Mar 022016
 

Some covers are more equal than others. Good, Better, Best looks at three covers and decides who takes home the gold, the silver, and the bronze.

 
I came early to the Bee Gees. For the barely teenage me they gave a plaintive, yearning sound to well-constructed ballads, with keening mid-range harmonies that totally belied their higher pitched ’70s second coming (which, incidentally, is where I left again). And never mind the earnest re-appraisals of their disco years – when is someone going to give a punt for their still-remarkable ’60s canon? Do we have to wait until the original Bee, Barry, last man standing and eldest sibling of the brothers Gee (Gibb), departs this earth? Whilst today I but celebrate this sole song, “New York Mining Disaster 1941.” Was there a mining disaster in New York in 1941? It seems not, but since when did the truth need to bother a decent song.

This is the song that started the Bee Gees down their yellow brick road – it’s reputedly the one which, when played by their staunch impresario/manager Robert Stigwood to Paul McCartney, led to their being signed to a recording contract. In turn it was their first worldwide hit, reaching #14 on the Billboard chart in 1967. And I dispute the latter-day dismissal given of it by Maurice, who didn’t write it anyway, it being the product of his twin, Robin and aforementioned elder brother Barry. (Maurice had suggested it was a deliberate rip-off of the Beatles, whereas the only Beatle link was to do with some duplicity in the disc jockeys of the day, making out it may have been actually by them.) It appears on their imaginatively titled first LP, Bee Gees’ 1st, and I commend it, along with later double concept album Odessa, as both dated but overlooked artifacts of a time blessed with more ideas and experimentation than is now remembered of the three toothy brothers from Melbourne, Australia (but actually all born in Manchester, England).
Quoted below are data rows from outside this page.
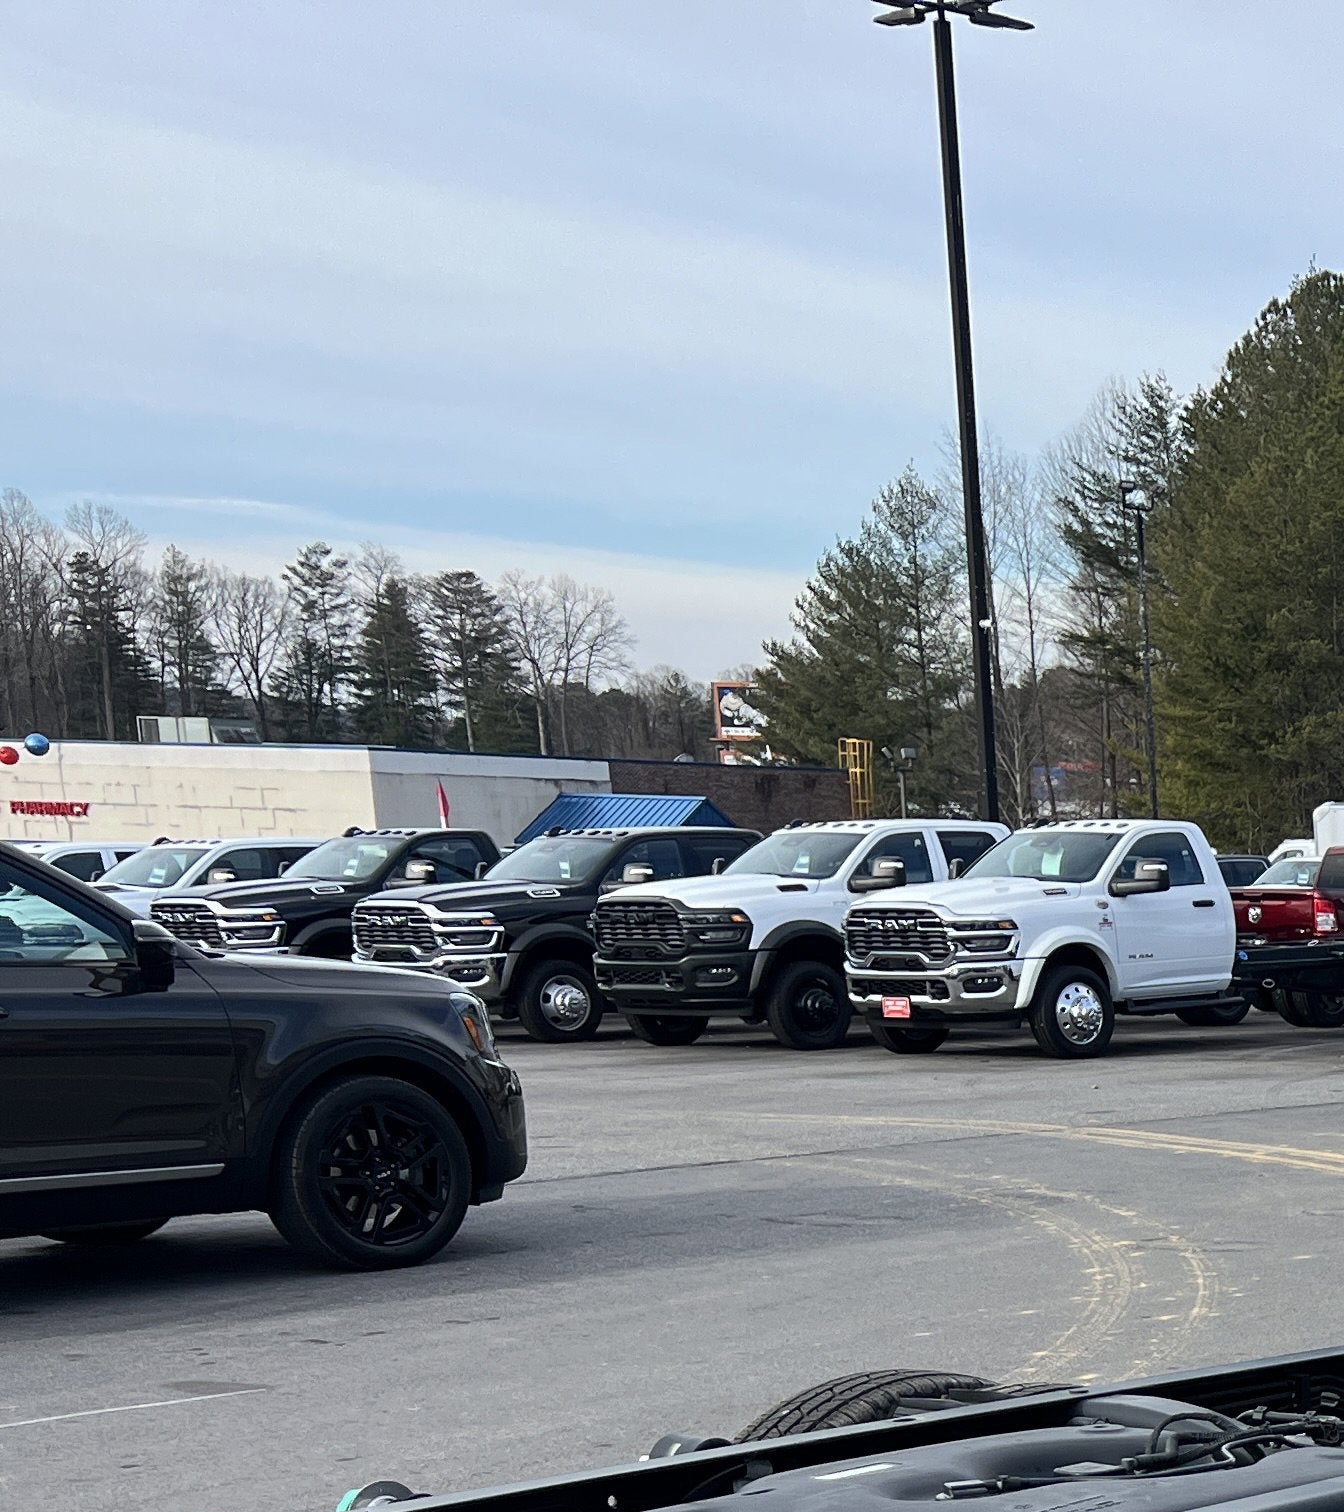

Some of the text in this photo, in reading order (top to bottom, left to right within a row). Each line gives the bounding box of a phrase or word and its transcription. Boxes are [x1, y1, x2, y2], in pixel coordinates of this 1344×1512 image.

[10, 800, 89, 816] PHARMACY
[367, 915, 409, 926] RAM
[613, 911, 656, 923] RAM
[863, 918, 916, 930] RAM
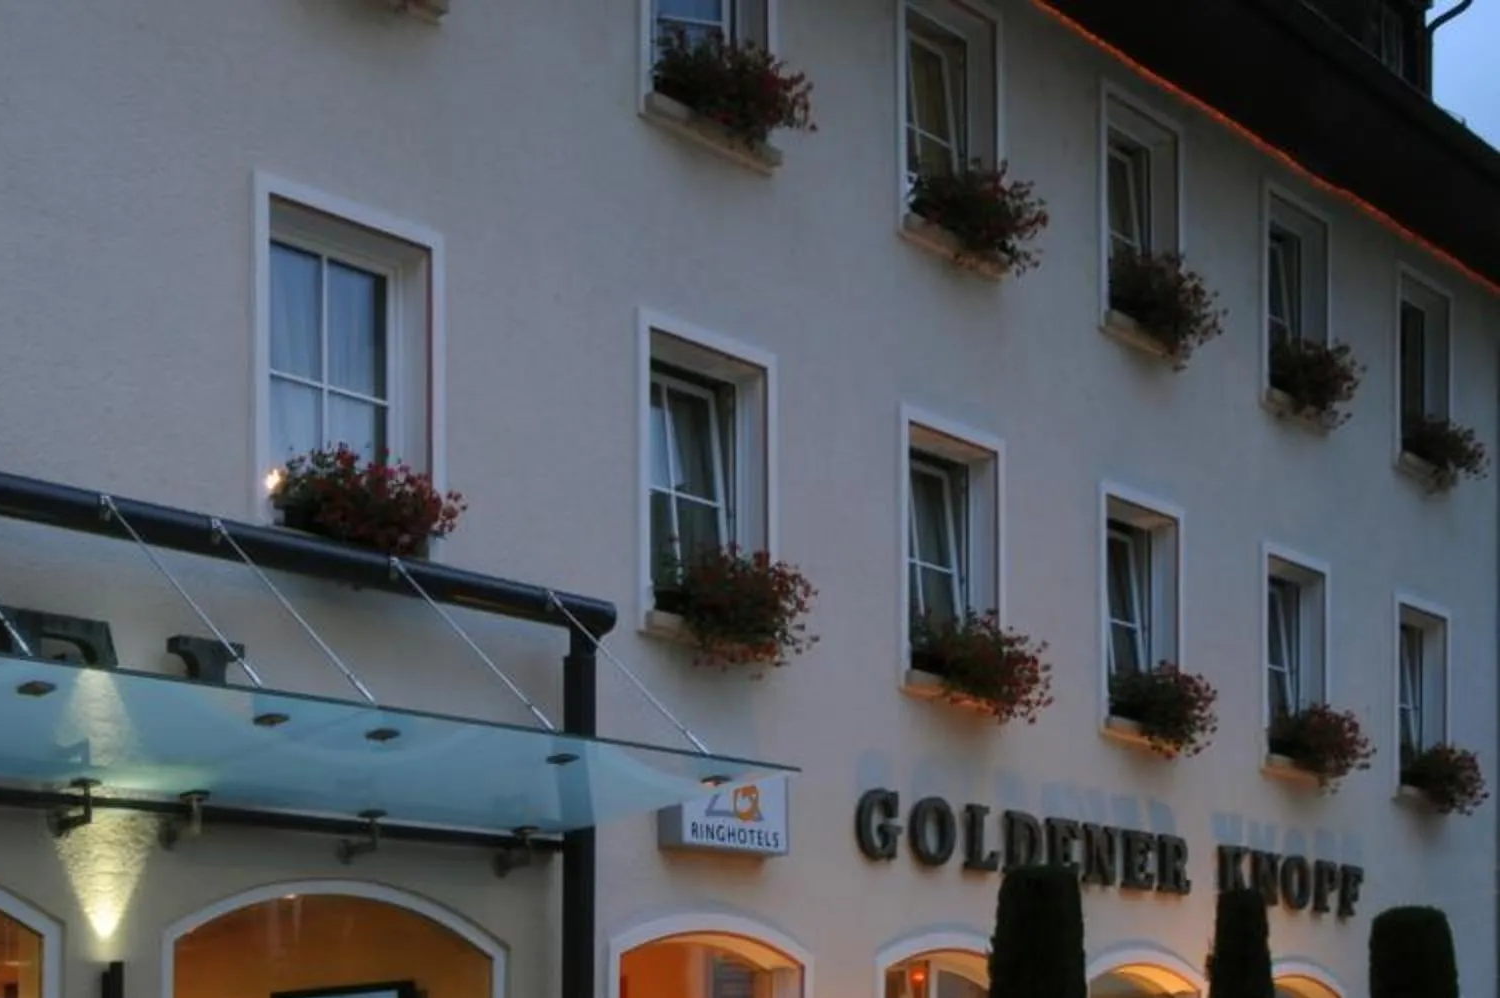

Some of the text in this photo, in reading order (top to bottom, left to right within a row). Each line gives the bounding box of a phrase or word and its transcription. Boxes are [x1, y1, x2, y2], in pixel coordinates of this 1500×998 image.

[691, 821, 779, 849] RINGHOTELS
[856, 788, 1364, 917] GOLDENER KNOPF
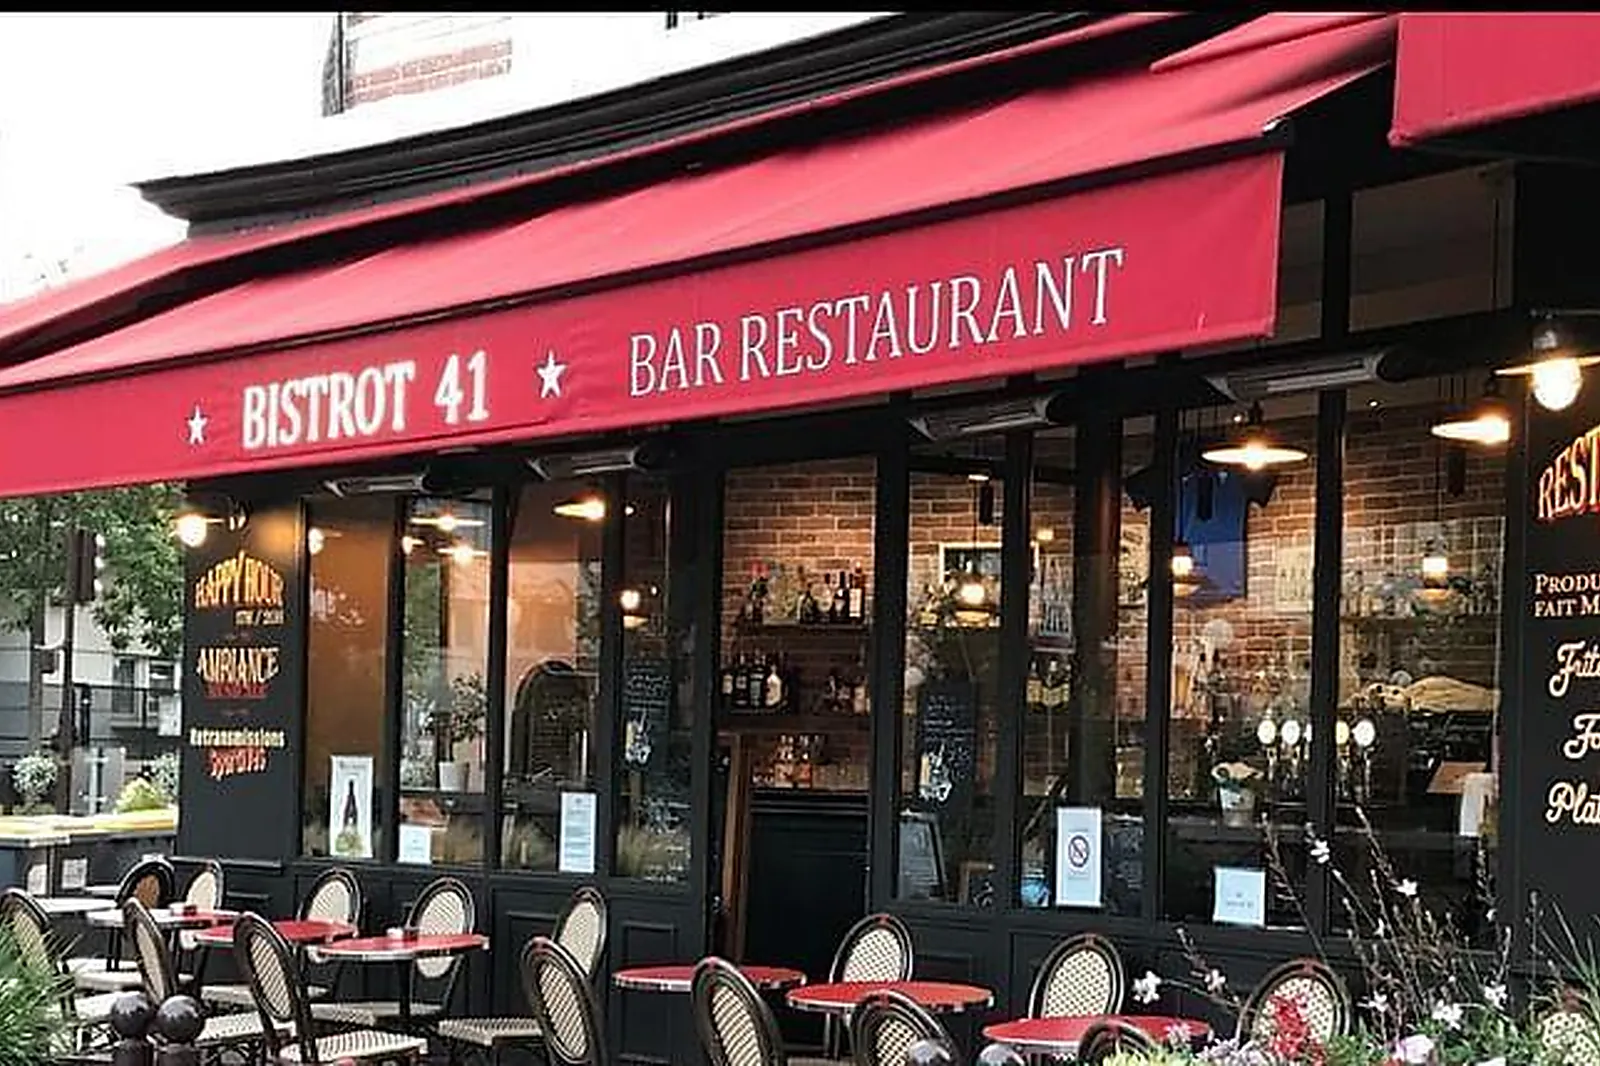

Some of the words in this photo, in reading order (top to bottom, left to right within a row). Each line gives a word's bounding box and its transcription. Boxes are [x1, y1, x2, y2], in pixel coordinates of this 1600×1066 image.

[629, 321, 724, 398] BAR
[739, 247, 1125, 382] RESTAURANT
[242, 360, 416, 450] BISTROT
[434, 350, 490, 423] 41
[195, 550, 244, 608] HAPPY
[244, 557, 284, 606] HOUR
[1534, 598, 1577, 617] FAIT
[196, 647, 280, 688] AMBIANCE
It’s an odd song, both thematically and in its notation, both of which have enabled it to resist a pigeon holing in its ’60s past, if also making it difficult to redefine. There are surprisingly few cover versions, outside carbon copies by other beat groups of the time, as was the way, the Sorrows and Herman’s Hermits being but two examples. I think it also no irony that the three I have chosen fall each, arguably, into the English folk canon, as the song does have a feel of an old broadsheet, passed down from generation to generation. And songs about grim pitfalls and fires are legion in that repertoire.

Of the three I’ve chosen, the Martin Carthy cover is good.

The Levellers cover is better.

And the Chumbawamba cover is best.

 
Martin Carthy is the epitome of an authentic English folk voice, an acquired taste to ears more attuned to the polish of more popular music, but who has steadfastly plowed the same furrow since, well, before the Bee Gees ever appeared in the charts, somewhere he has yet to visit. Brief forays into group work with Steeleye Span, various Albion Bands, Brass Monkey, and with his wife Norma (and, more recently, daughter Eliza) complement his largely solo output. Espousing anything beyond “trad. arr.” in his early years, he has been interpreting well-chosen covers not infrequently these days, from “Heartbreak Hotel” to “Cum on Feel the Noize.” He imbues the Bee Gees with a stark passion that convinces, if not appeals.

 
I am uncertain how well known this band may be outside the UK. Not very, I suspect, but they have kept a solid fan base going by attaching the style of Fisherman’s Blues-era Waterboys to an anarcho-crusty-punk/folk ethos. For those unfamiliar with the term “crusty,” it dates back to the UK miners strike of the early ’80s, wherein Margaret Thatcher’s government of the day crushed and killed the mining industry over here, at the same time abolishing much of the then-thriving travellers scene and their right to hold free festivals and gatherings. The scene was called “crusty” as its denizens appeared unwashed, with dreadlocks and dogs on strings. This song, I suppose, encompasses an interface between both doomed industry and doomed counter-culture. It isn’t necessarily typical of the Travellers’ oeuvre, but the hoarse vocal and violin interplay captures their general drift.

 
Yes, the one and the same Chumbawamba, the “I Get Knocked Down” hit makers, but nothing like that at all here. Possibly deriving from similar sources as the Levellers, a disaffected and alienated youth of the ’80s, emanating more from the squats, commandeered and occupied empty housing, of urban northern decay than the traveling circus that begat their counterparts. Musically more of the dance scene, Chumbawamba moved tangentially toward a folkier idiom, and had slimmed down to an acoustic five-piece by the time they covered this song. Always consummate vocalists, their a capella version leaps out and demands attention, removing anything superfluous from the purity of the melody. The band broke up in 2013, or thereabouts, but I live in hope of occasional folk festival reformation, perhaps at the one that the Levellers curate each year, Beautiful Days.

The Bee Gees’ original can be purchased on Amazon.